The CCF was the brainchild of Bruce “Doc” Watson, co-founder of South African IT giant Dimension Data, which is now part of Japan’s NTT DATA. He met Maxwell when she was leading the Zoological Society of London’s Innovation Lab for Conservation, and he persuaded her to start the Foundation with him. 

Their first mission brought him back to South Africa, along with Maxwell, in 2015.

Engineers from Cisco and Dimension Data met with rangers at Sabi Sands to figure out how to stop the rhinoceros slaughter. 

“They were looking for solutions how to monitor the movement of people crossing reserves and get an early warning of incursions. We put in a ‘reserve area network’ to get real-time data back from anywhere else in the reserve. We had cameras looking down fence lines for security purposes, with thermal imaging, so you can detect poaching, incursions and intruders. We put in sensors on vehicles and rangers on foot. We looked at access control, who’s coming in and out, license plate recognition, biometrics.
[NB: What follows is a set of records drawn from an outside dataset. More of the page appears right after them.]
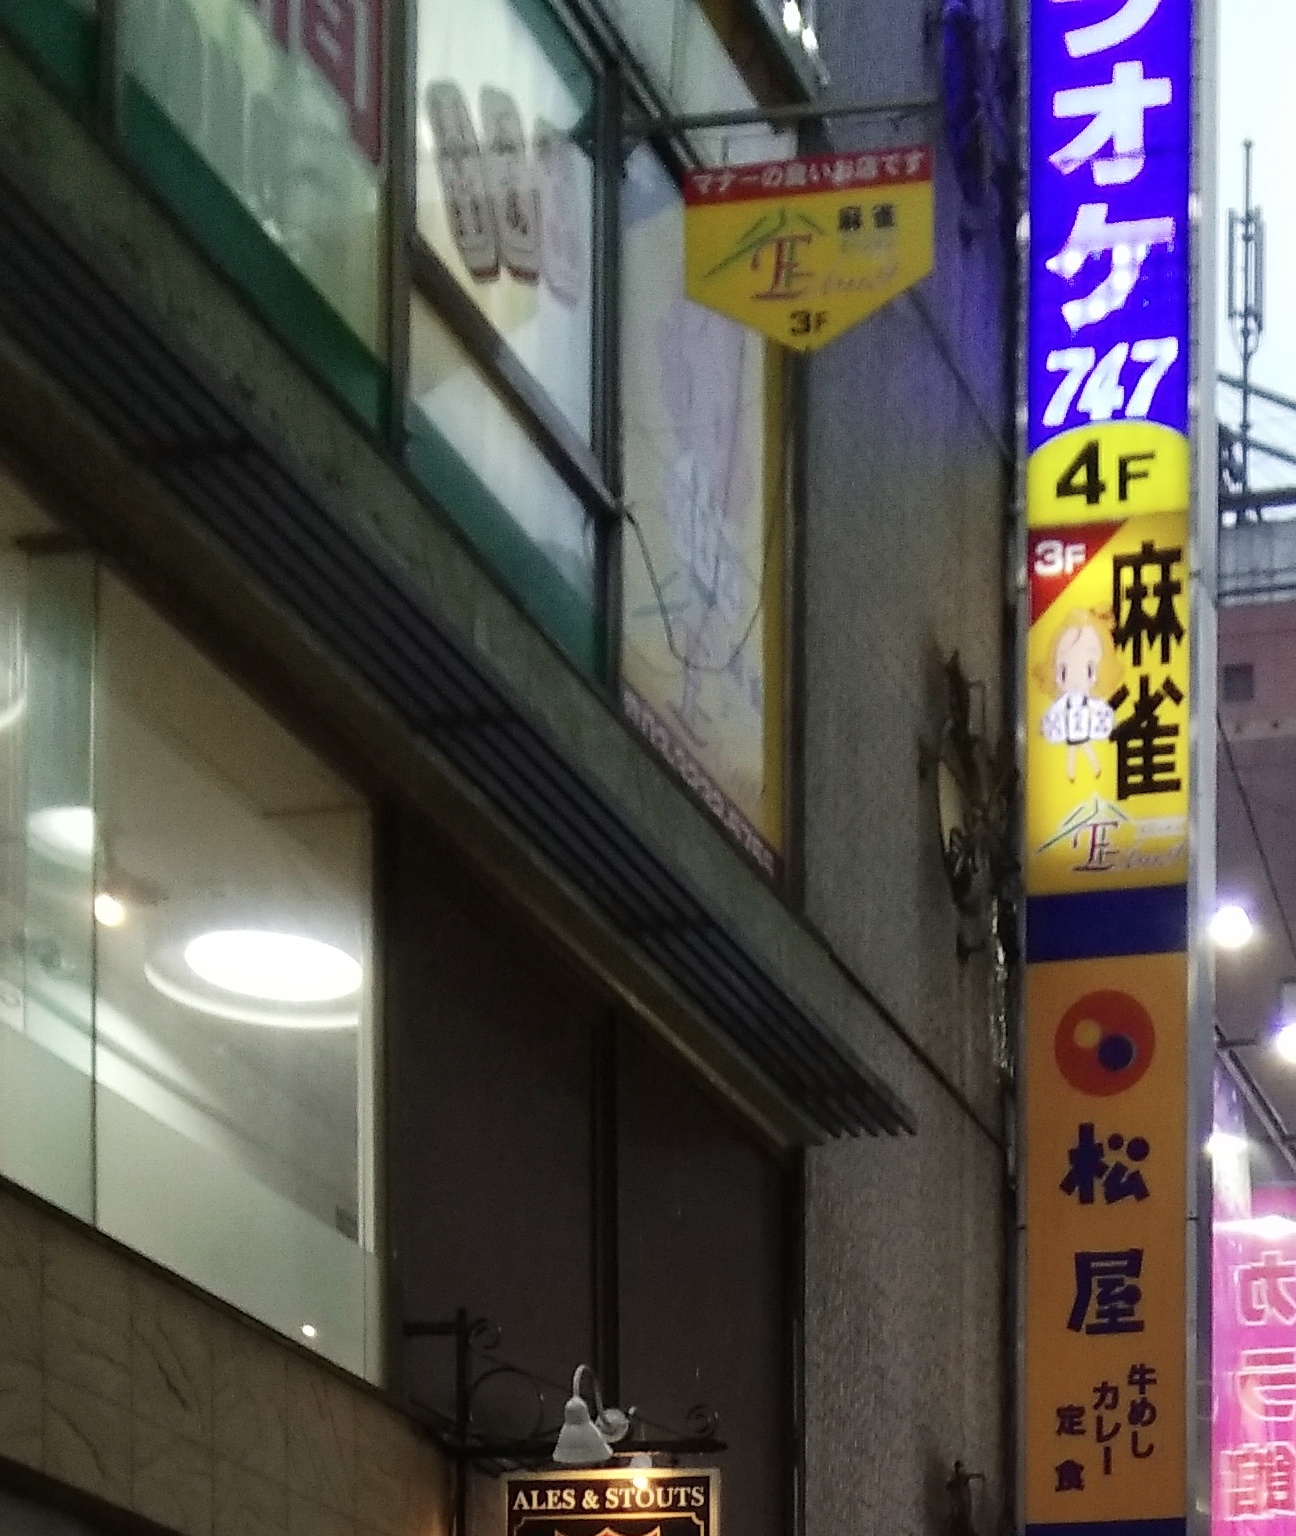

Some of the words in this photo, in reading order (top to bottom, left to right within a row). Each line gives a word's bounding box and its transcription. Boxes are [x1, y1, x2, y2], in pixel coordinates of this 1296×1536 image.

[790, 310, 829, 337] 3F
[1043, 337, 1178, 428] 747
[1055, 439, 1155, 506] 4F
[1033, 539, 1088, 578] 3F
[1109, 540, 1184, 801] 麻雀
[1059, 1122, 1150, 1335] 松屋
[1055, 1404, 1086, 1493] 定食
[1093, 1381, 1121, 1475] カレー
[1127, 1363, 1158, 1459] 牛めし
[513, 1489, 576, 1511] ALES
[582, 1488, 600, 1510] &
[605, 1485, 706, 1509] STOUTS
“It had a massive impact.”

They started with a basic but critical approach: mapping every gate, fence, road, camera, and sensor location on a detailed digital schematic. Cisco switches provided network infrastructure across remote ranger posts and control rooms. Servers were installed to process camera feeds locally, in an early use of edge computing. 

Surveillance included thermal cameras capable of detecting movement in darkness, motion detectors to sense physical disturbances, and high-gain wireless antennas to relay data to command centres kilometres away.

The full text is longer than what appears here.